Ahad 19 Nov 2017 07:59 WIB

KPK Pelajari Praperadilan Setya Novanto

Rep: Dian Erika Nugraheny, Dian Fath Risalah/ Red: Elba Damhuri
Juru bicara KPK Febri Diansyah memberikan keterangan terkait tersangka kasus korupsi KTP Elektronik Setya Novanto di Gedung KPK, Jakarta, Kamis (16/11).
Foto: Republika/Putra M. Akbar
Juru bicara KPK Febri Diansyah memberikan keterangan terkait tersangka kasus korupsi KTP Elektronik Setya Novanto di Gedung KPK, Jakarta, Kamis (16/11).

REPUBLIKA.CO.ID, JAKARTA -- Komisi Pemberantasan Korupsi (KPK) telah menerima permohonan praperadilan yang diajukan Ketua DPR RI Setya Novanto pada Jumat (17/11).

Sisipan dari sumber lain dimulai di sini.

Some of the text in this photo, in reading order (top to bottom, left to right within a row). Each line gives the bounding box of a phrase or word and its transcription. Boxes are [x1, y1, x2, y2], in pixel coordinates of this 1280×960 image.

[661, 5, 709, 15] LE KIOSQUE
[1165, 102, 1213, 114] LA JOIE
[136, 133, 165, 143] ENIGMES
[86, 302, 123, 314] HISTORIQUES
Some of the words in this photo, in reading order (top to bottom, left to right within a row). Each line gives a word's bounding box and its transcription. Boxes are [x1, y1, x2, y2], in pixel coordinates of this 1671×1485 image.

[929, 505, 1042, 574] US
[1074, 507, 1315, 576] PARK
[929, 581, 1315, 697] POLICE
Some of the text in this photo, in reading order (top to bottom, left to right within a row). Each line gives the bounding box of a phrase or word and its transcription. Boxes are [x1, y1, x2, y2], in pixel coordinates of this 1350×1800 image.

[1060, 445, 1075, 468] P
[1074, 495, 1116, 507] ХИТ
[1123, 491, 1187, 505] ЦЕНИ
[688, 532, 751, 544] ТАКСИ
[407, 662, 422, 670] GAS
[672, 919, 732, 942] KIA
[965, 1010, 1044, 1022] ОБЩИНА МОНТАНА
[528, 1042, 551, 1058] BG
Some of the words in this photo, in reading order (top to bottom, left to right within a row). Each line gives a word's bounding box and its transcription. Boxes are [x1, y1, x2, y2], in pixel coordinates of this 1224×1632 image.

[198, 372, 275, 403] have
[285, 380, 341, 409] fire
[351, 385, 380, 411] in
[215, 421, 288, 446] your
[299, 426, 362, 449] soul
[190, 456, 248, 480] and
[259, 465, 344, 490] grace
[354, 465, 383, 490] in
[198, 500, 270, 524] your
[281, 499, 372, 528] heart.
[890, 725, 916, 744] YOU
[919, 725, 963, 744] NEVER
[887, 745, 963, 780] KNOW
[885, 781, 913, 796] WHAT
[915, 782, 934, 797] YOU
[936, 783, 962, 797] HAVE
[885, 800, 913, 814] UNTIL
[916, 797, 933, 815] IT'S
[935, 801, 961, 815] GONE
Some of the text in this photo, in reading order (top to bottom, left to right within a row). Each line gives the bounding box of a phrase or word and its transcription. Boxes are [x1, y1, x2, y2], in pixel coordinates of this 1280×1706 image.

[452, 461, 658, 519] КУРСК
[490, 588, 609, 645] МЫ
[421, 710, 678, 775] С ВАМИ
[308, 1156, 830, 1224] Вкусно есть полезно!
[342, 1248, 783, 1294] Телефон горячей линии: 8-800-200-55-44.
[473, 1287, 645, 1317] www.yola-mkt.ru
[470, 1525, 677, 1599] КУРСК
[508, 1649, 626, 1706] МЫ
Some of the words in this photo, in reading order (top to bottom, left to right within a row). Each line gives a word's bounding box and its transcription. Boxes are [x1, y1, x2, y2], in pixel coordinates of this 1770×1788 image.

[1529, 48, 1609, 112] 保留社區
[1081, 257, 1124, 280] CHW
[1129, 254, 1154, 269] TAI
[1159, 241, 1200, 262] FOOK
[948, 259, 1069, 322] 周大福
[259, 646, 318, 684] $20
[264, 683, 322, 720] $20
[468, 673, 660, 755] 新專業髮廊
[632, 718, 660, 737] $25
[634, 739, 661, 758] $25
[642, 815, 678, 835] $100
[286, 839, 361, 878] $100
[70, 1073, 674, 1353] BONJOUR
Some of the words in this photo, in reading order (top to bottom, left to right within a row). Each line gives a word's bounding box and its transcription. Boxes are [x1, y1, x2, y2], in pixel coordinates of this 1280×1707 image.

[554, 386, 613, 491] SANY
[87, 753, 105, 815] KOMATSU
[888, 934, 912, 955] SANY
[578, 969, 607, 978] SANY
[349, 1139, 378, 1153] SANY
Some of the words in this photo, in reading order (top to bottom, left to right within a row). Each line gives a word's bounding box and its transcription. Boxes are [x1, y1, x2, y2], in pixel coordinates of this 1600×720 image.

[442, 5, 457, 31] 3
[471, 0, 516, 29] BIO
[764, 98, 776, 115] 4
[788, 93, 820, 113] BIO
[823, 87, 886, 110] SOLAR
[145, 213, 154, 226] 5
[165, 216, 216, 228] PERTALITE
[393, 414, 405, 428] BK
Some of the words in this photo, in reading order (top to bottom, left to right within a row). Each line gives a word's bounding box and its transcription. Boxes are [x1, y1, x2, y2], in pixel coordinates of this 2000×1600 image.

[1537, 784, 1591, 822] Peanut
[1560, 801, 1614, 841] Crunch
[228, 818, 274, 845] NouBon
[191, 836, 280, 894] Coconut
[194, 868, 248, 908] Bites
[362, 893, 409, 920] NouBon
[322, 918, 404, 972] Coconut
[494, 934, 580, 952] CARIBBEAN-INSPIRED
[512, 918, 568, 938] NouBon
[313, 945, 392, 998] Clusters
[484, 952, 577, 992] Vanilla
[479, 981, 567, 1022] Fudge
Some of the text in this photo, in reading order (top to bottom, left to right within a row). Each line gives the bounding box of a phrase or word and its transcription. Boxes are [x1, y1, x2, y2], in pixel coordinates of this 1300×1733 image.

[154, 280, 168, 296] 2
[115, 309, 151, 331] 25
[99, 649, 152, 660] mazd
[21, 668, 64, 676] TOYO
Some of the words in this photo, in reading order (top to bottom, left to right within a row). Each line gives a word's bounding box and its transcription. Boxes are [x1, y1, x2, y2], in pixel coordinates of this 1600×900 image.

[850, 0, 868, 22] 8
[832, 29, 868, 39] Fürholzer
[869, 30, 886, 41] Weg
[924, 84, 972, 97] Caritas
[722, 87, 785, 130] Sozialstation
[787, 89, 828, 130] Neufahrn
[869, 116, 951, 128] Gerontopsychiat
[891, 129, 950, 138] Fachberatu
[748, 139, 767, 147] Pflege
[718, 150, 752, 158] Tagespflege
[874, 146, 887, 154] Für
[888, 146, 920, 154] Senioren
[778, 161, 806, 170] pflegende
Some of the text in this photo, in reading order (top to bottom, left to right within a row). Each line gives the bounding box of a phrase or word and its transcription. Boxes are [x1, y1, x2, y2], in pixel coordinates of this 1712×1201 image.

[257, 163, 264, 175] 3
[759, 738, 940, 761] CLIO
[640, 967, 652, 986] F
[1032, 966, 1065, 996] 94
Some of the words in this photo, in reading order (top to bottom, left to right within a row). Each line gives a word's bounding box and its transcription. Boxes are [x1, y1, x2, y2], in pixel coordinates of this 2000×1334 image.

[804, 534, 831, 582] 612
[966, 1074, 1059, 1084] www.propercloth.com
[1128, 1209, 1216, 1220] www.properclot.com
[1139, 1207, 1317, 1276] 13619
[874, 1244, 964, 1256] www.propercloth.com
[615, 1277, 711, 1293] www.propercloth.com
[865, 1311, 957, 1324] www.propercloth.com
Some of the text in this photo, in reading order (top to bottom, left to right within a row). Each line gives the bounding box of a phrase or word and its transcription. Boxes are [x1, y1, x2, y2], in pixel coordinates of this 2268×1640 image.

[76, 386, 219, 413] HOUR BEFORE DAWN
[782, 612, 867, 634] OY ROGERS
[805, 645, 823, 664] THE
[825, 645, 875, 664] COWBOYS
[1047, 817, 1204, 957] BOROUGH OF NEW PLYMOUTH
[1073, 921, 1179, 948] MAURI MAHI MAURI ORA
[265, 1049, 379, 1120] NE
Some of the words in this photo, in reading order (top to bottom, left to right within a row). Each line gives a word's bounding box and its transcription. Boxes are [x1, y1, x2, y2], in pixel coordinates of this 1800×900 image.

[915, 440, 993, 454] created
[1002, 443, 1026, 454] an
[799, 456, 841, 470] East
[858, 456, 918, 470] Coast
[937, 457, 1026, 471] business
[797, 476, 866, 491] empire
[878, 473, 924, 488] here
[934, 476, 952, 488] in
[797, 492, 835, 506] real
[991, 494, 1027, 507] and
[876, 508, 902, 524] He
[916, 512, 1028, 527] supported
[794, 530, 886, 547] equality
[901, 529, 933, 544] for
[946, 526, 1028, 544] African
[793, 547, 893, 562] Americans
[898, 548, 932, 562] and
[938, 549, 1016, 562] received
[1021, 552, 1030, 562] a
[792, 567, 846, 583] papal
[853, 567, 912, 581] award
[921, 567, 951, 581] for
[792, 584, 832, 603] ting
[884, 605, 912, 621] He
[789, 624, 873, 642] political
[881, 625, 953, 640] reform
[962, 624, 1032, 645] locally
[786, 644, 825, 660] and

Saat ini, tim biro hukum lembaga antirasuah itu pun tengah mempelajari permohonan tersebut dengan mengacu pada dua prinsip.

"Tim penyidik berupaya secara terus-menerus dengan dua prinsip, yakni kehati-hatian. Jadi, berkas yang dikumpulkan dalam berkas disusun semaksimal mungkin dengan argumentasi sekuat-kuatnya. Kedua, prinsip efektivitas waktu. Meski tidak bisa dipaksakan harus dilimpahkan dalam waktu tertentu, kami berpegangan pada kekuatan buktinya," ujar Kepala Biro Humas KPK Febri Diansyah saat dikonfirmasi, Sabtu (18/11).

Novanto kembali mengajukan praperadilan terkait penetapan tersangka atas dirinya dengan KPK sebagai termohon di Pengadilan Negeri Jakarta Selatan. Ini adalah kali kedua Novanto mengajukan praperadilan setelah sebelumnya status tersangkanya digugurkan oleh hakim tunggal Cepi Iskandar pada (29/9).

Sidang perdana gugatan praperadilan kedua Novanto pun telah dijadwalkan pada 30 November 2017 dengan menunjuk hakim tunggal Kusno yang merupakan wakil ketua PN Jakarta Selatan.

Febri menambahkan, analisis dan kesimpulan dokter akan menjadi pertimbangan KPK untuk menentukan langkah berikutnya terkait Novanto. Tentunya setelah seluruh rangkaian tindakan medis dilakukan oleh RSCM.

"Apakah masih dibutuhkan observasi dalam beberapa hari ke depan atau dapat dilakukan pemeriksaan dan penahanan lanjutan di Rutan KPK, akan ditentukan kemudian," kata Febri.

Febri berharap peristiwa yang terjadi pada pekan ini dapat menjadi pelajaran bagi semua pihak, terutama untuk para saksi atau tersangka yang dipanggil penegak hukum agar mematuhi kewajiban tersebut.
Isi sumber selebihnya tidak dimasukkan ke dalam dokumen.